* _Task requirements_
Output all the data exactly. Pictures do not belong in the copy.

-- Opening Marker --

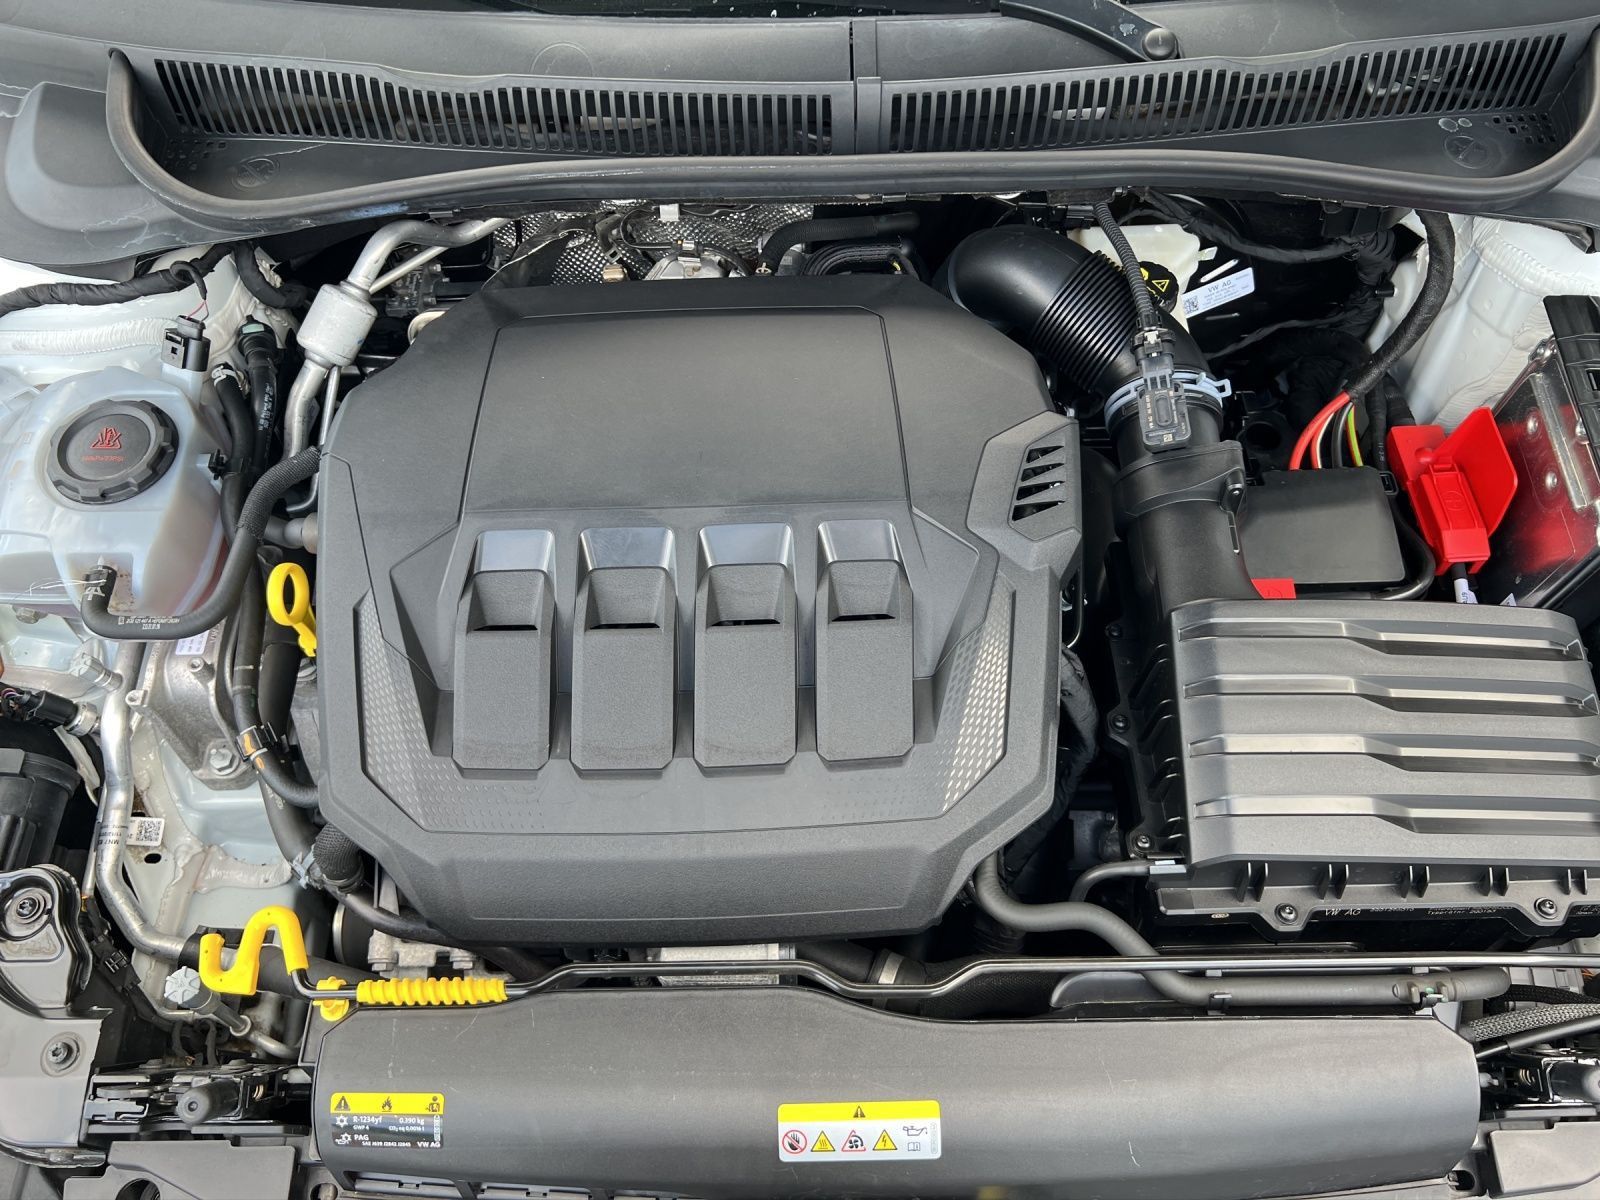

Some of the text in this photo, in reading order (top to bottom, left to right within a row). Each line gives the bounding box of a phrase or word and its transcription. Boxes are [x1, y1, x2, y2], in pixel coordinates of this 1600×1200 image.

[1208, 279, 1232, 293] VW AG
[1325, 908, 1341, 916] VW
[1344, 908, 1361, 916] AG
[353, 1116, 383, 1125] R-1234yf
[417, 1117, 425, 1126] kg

-- Closing Marker --

* _Written response_
Some of the text in this photo, in reading order (top to bottom, left to right within a row). Each line gives the bounding box of a phrase or word and its transcription. Boxes are [x1, y1, x2, y2], in pixel coordinates of this 1600×1200 image.

[1208, 279, 1232, 293] VW AG
[1325, 908, 1341, 916] VW
[1344, 908, 1361, 916] AG
[353, 1116, 383, 1125] R-1234yf
[417, 1117, 425, 1126] kg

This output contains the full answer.